(Image-backed grounding data)
....................
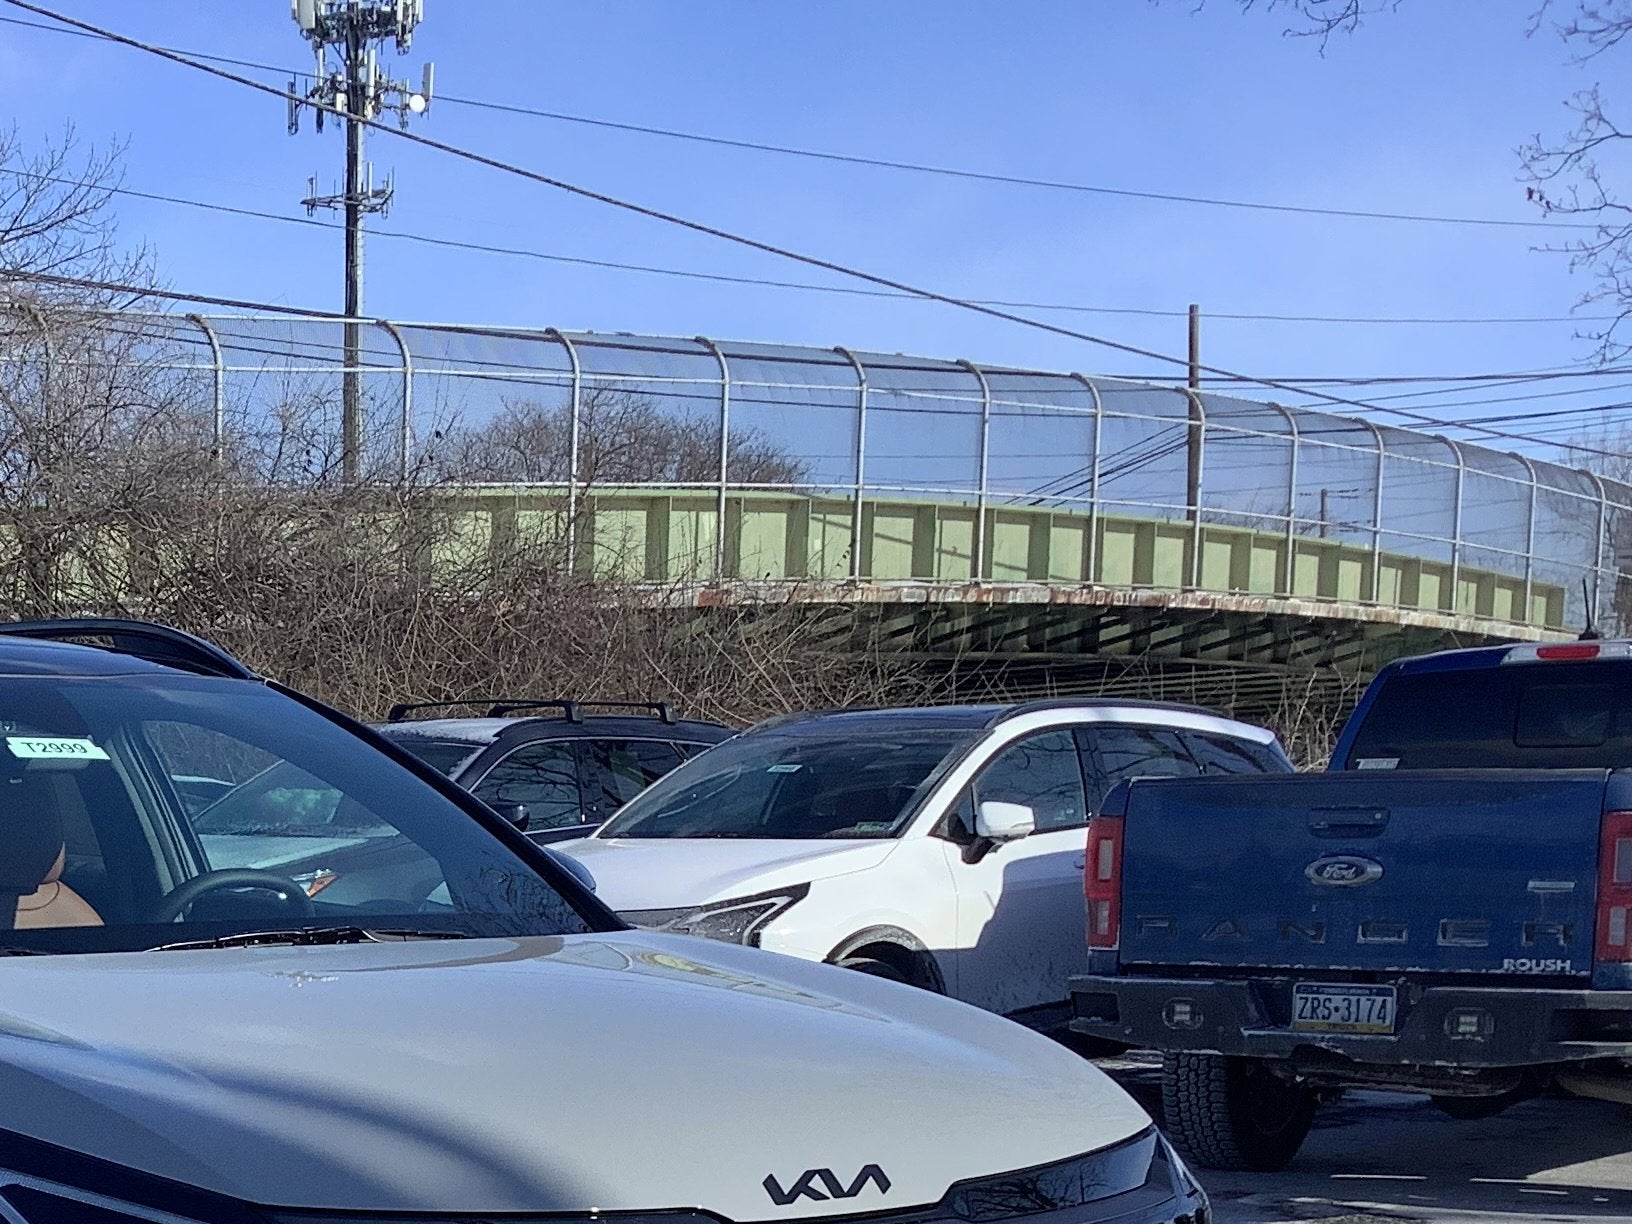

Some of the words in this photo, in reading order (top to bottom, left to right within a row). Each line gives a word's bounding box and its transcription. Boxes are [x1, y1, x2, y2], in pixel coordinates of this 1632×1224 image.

[21, 742, 88, 754] T2999
[1322, 863, 1356, 880] Ford
[1136, 914, 1574, 947] RANGER
[1503, 958, 1571, 971] ROUSH
[762, 1164, 892, 1205] KIA
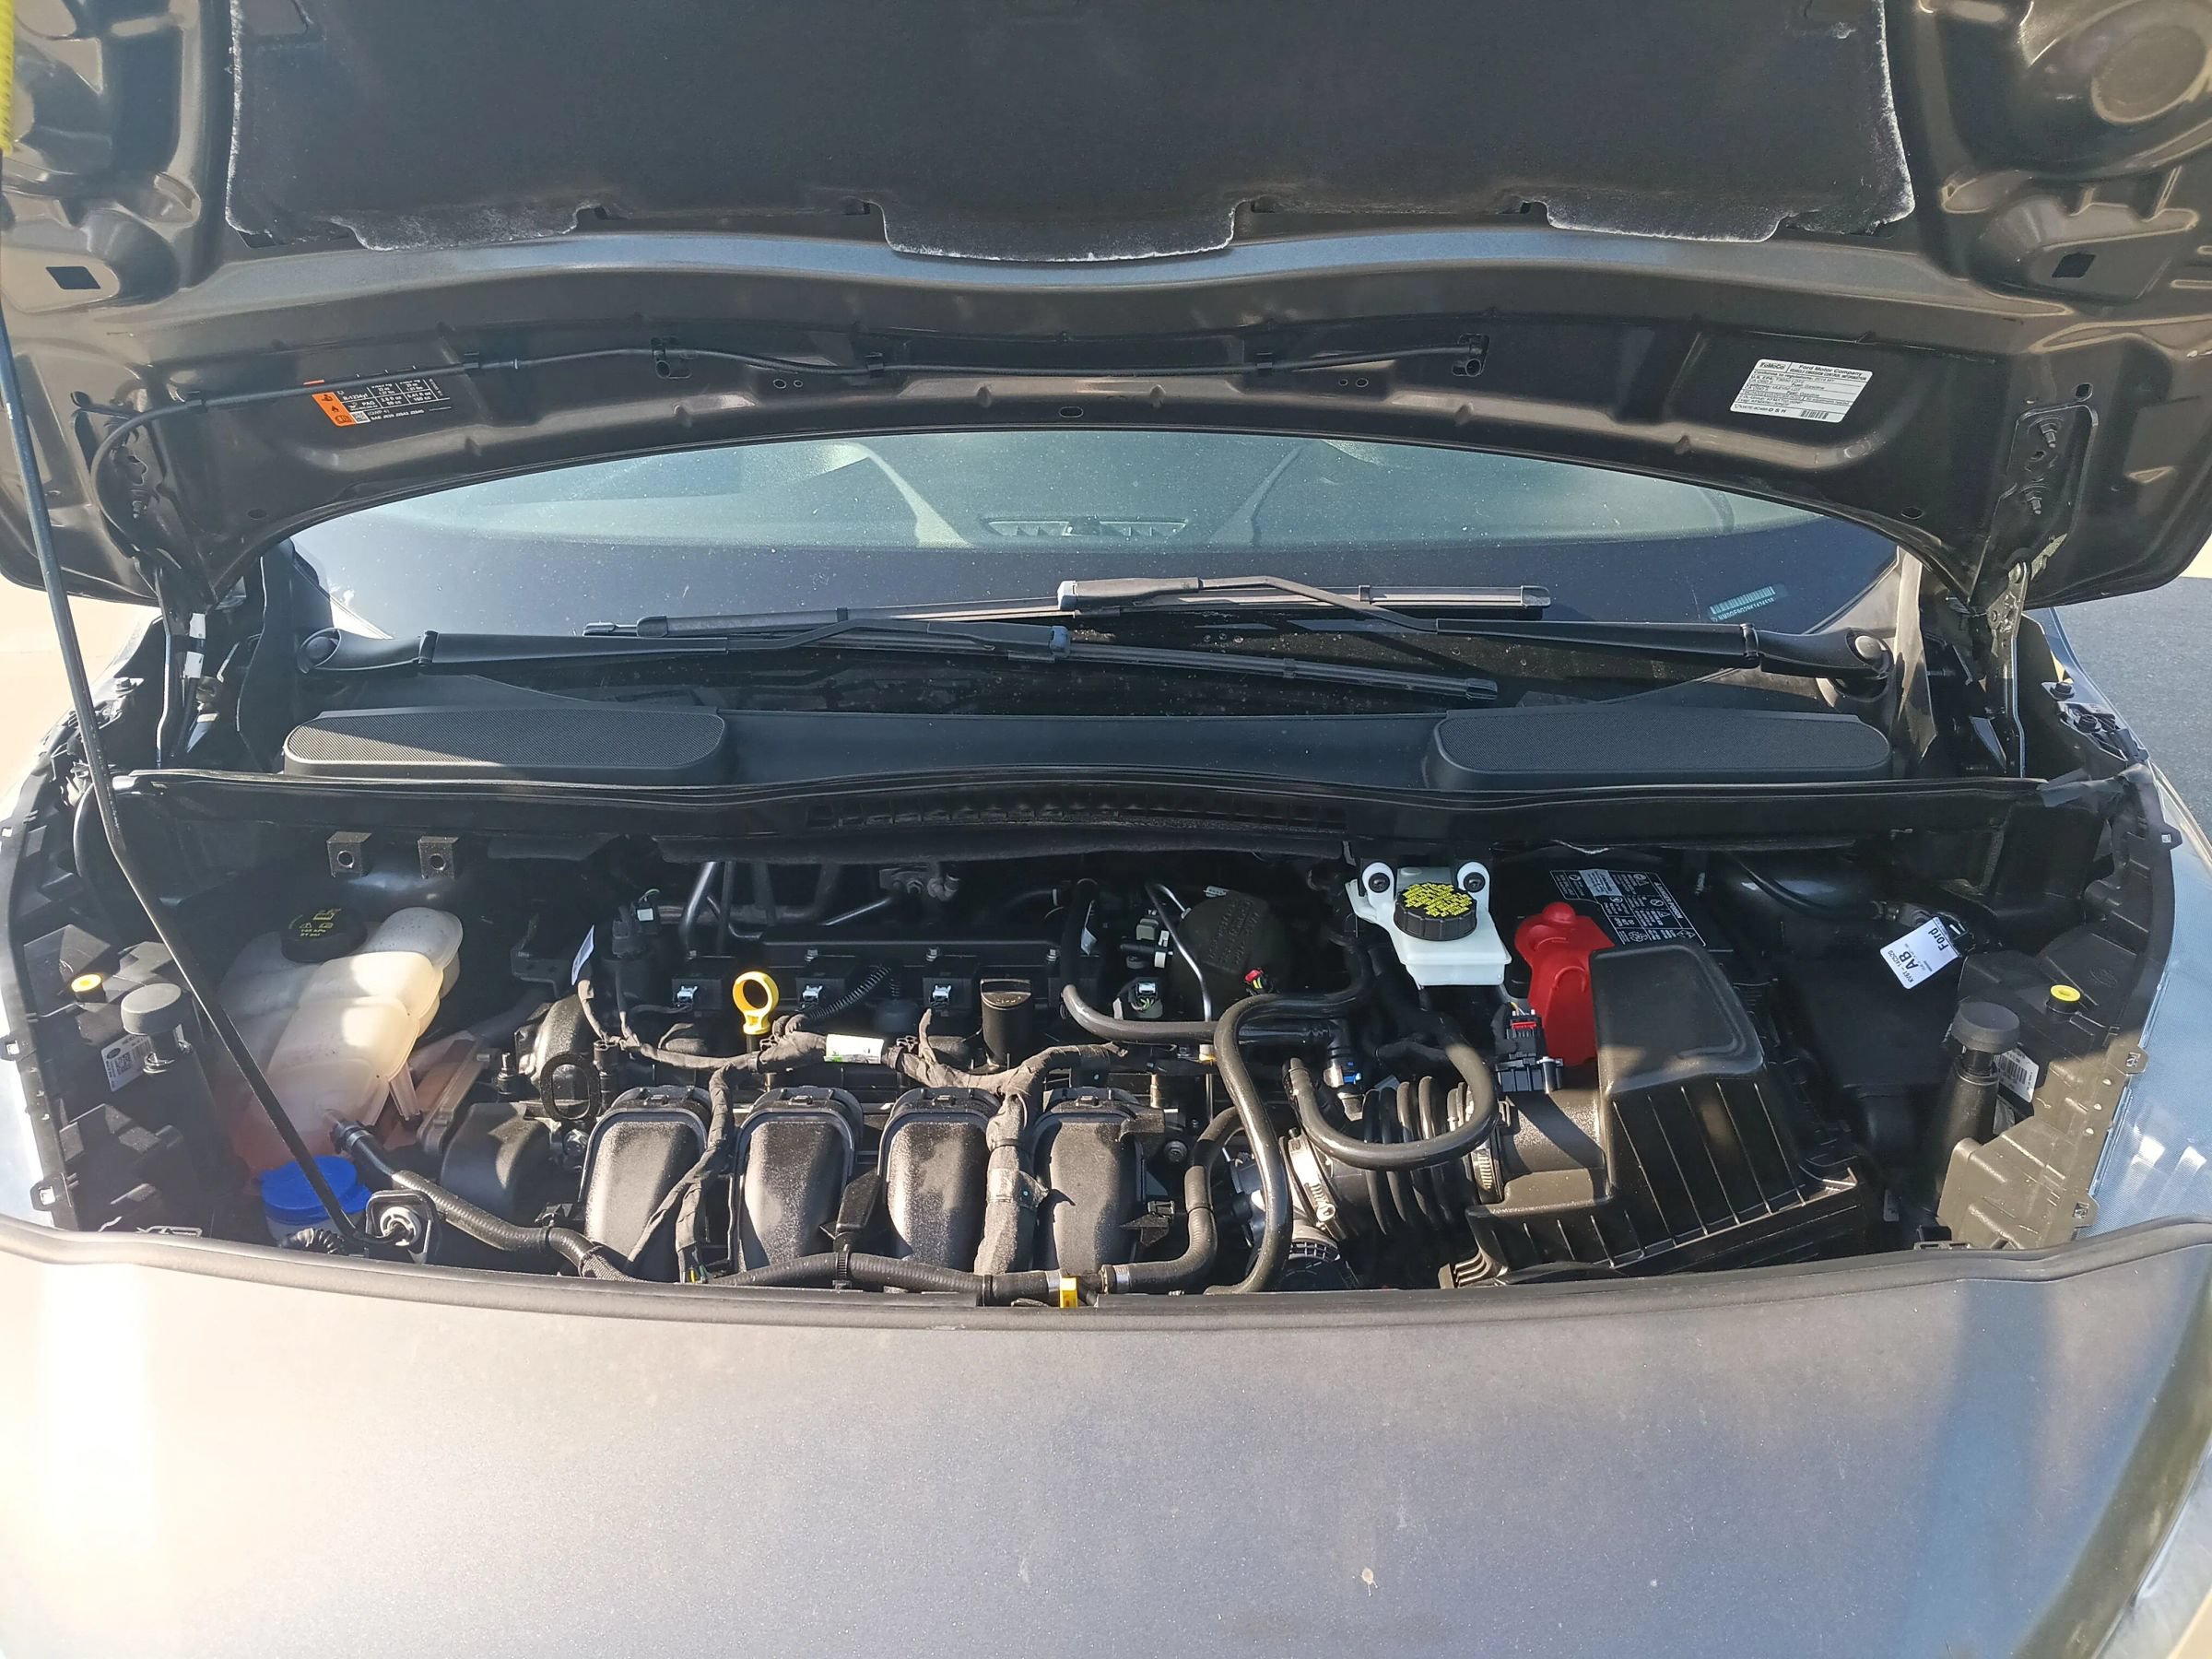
....................
→ **Task description**: With the pictures left aside, set down each entry above exactly as it stands.

→ **Output for this exercise**:
Some of the words in this photo, in reading order (top to bottom, left to right within a row). Each line gives a word's bounding box and its transcription. Boxes are [x1, y1, x2, y2], in pixel coordinates of this 1632×1224 image.

[21, 742, 88, 754] T2999
[1322, 863, 1356, 880] Ford
[1136, 914, 1574, 947] RANGER
[1503, 958, 1571, 971] ROUSH
[762, 1164, 892, 1205] KIA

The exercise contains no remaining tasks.